I am forbidden to enter the North Cascades National Park, but it is only because I almost always travel with my 12 year old border collie/lab Bodhran. He is an old backpacking hand and capable partner; still strong and interested in fresh quiet places. Being a long-time Bellinghamster, the Northernmost Cascades are familiar to me, but this destination and vantage offered new perspective on the neighborhood. From Hannegan Peak, I could peep-in over the National Park fence to that wild and forbidden Range of Glaciers as Becky has called them.
Hike-in day was forecast to be a wet one so I easily dallied about the comforts of home, packing the last as the storms cleared the peaks. The drive east on 542 underscored the wisdom of patience; creeks and rivers that would normally be sleepy and cyan with rock flour were raging brown with the night’s downpour.

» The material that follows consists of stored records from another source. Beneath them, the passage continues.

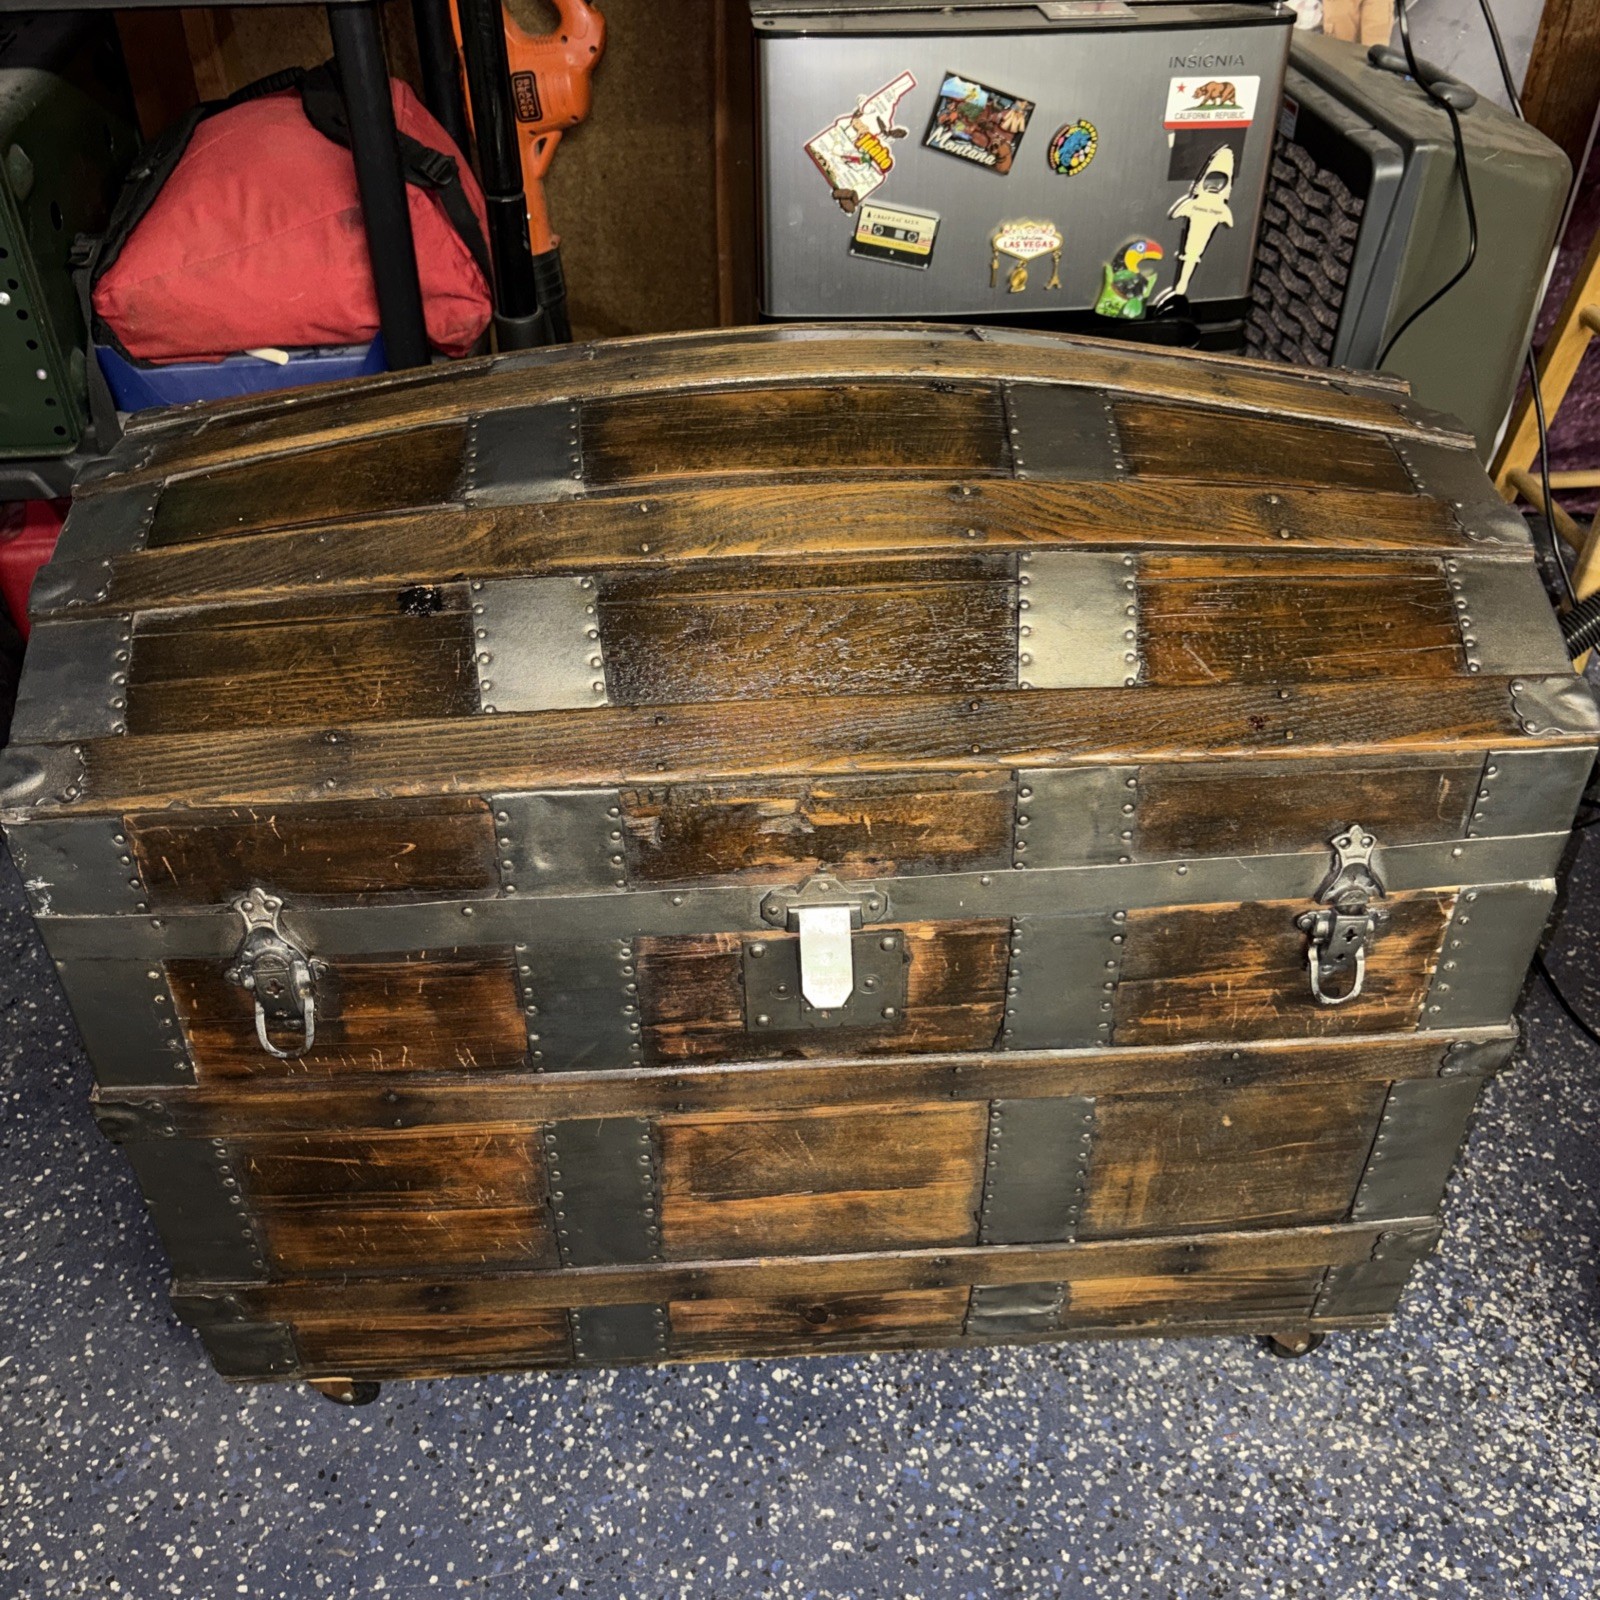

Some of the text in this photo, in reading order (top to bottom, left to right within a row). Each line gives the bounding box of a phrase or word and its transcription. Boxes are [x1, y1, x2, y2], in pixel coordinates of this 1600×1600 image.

[1168, 54, 1245, 68] INSIGNIA
[515, 79, 529, 117] DECKER
[1174, 111, 1245, 120] CALIFORNIA REPUBLIC
[855, 132, 893, 171] Idaho
[926, 126, 996, 165] Montana
[1003, 240, 1054, 248] LAS VEGAS
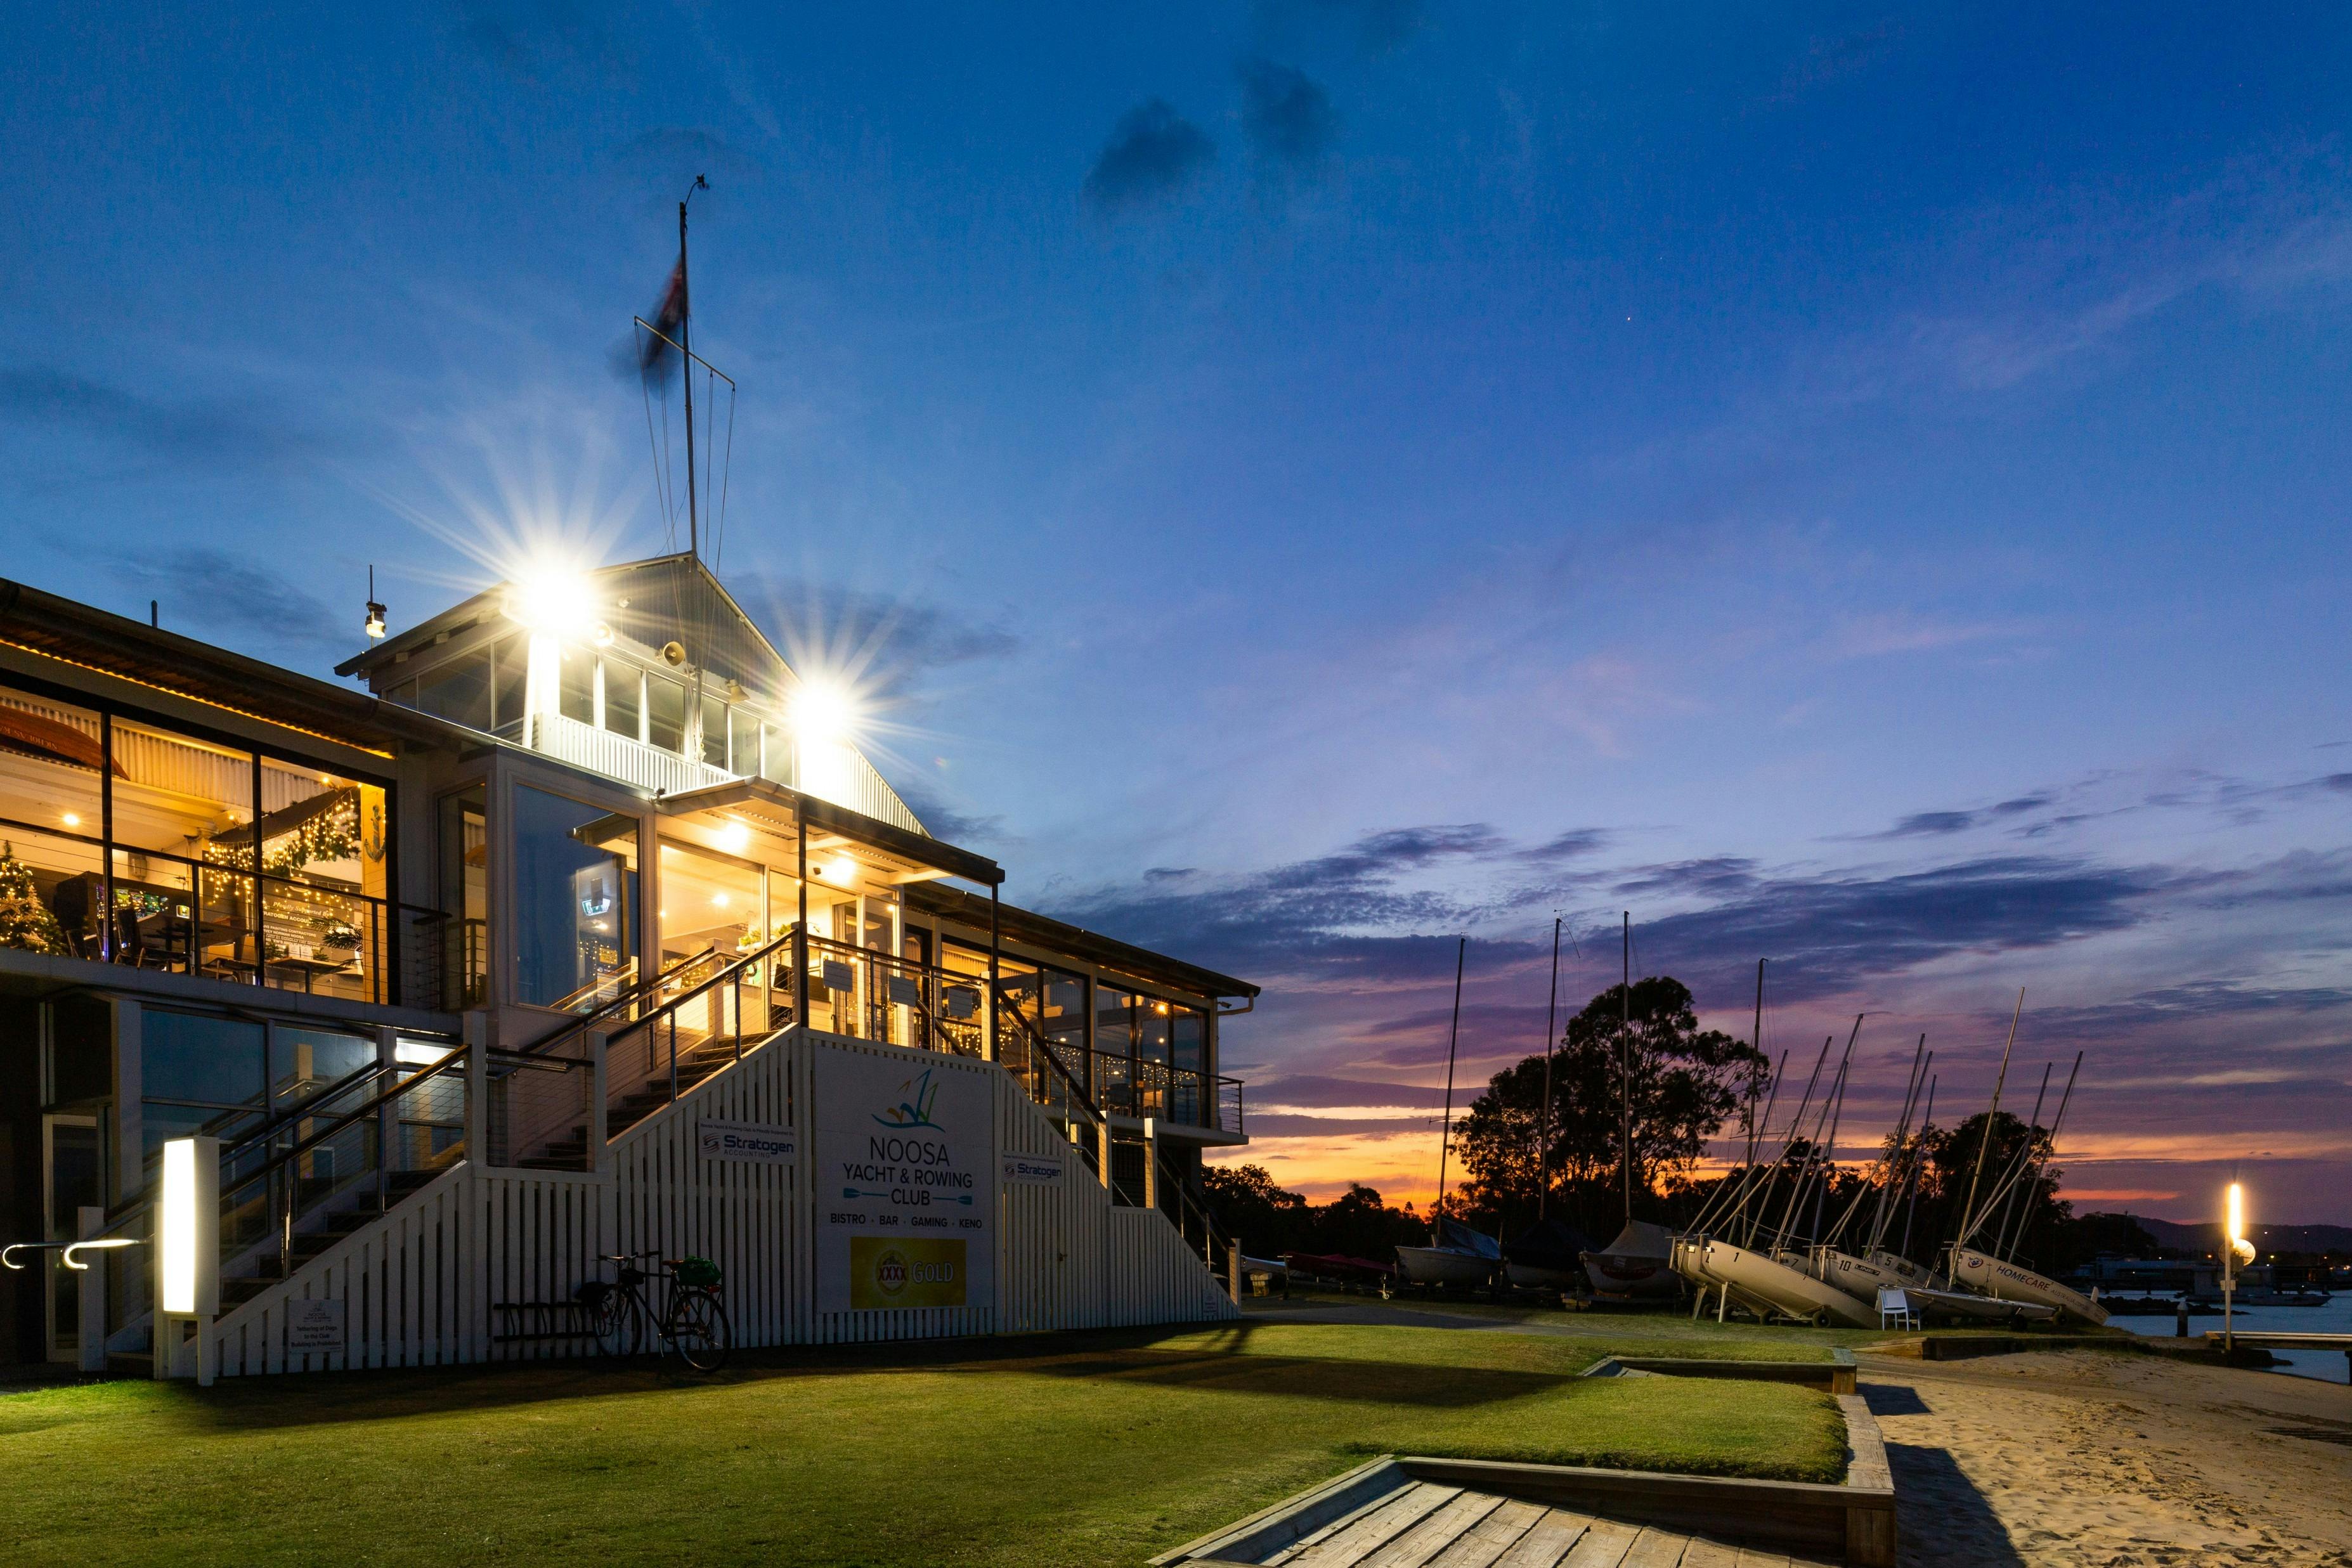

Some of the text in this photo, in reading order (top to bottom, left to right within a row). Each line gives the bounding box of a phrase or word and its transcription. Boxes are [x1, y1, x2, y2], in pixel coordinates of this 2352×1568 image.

[273, 902, 294, 910] Proudly
[263, 911, 289, 919] RATOGEN
[724, 1134, 794, 1155] Stratogen
[870, 1136, 950, 1167] NOOSA
[724, 1149, 770, 1158] ACCOUNTING
[843, 1162, 972, 1188] YACHT & ROWING
[1018, 1163, 1062, 1179] Stratogen
[891, 1188, 930, 1205] CLUB
[831, 1213, 982, 1229] BISTRO BAR GAMING KENO
[1734, 1252, 1739, 1262] 1
[1791, 1258, 1798, 1267] 7
[1885, 1257, 1892, 1266] 5
[878, 1260, 954, 1284] XXXX GOLD
[1839, 1260, 1851, 1271] 10
[1996, 1266, 2050, 1292] HOMECARE

Lounging in the living room
Time to get up
The evening hike was rain-free and thankfully cool, especially for the last mile that rears up like a wild bronco. A dry carry kept the pack a bit lighter; I drank directly from a few side streams on the way in. The crucial question of snow was answered as the summit came into view. Yes! There was a remnant of winter to sip off of during my stay. Camp was set during last light as clouds broke with promise. Stars dominated by midnight. I was in the right place at the right time.
Blue hour crescent
Each day started with the faces of Ruth, Shuksan, and Kulshan shouting morning greetings just outside the tent door. Slopes beyond were plush with pink and white heather. Days were spent exploring the ridgeline in both directions, and mulling the maps of the North Cascades NP. There were plenty of day hikers, but only a couple of other resident groups. I spent time glassing the vast white flanks of Ruth watching climbers seeking the grand summit. Nearby, a pika scampered about gathering and tending to bails of fodder drying in the sun.
Mt Blum in background
Departure day promised to be quite warm so I was on the trail by 8. The upper flanks of Hannegan were spectacular with flowers and views, but the heat soon gathered in the valley miles as predicted. The black flies relentlessly lashed dog and backpacker without pause for the remaining 4 miles back to the truck. A frosty rinse in the becalmed North Fork was precious to man and beast. The quick drive home reminded me of all the wild beauty just an hour away from home. A precious thought indeed.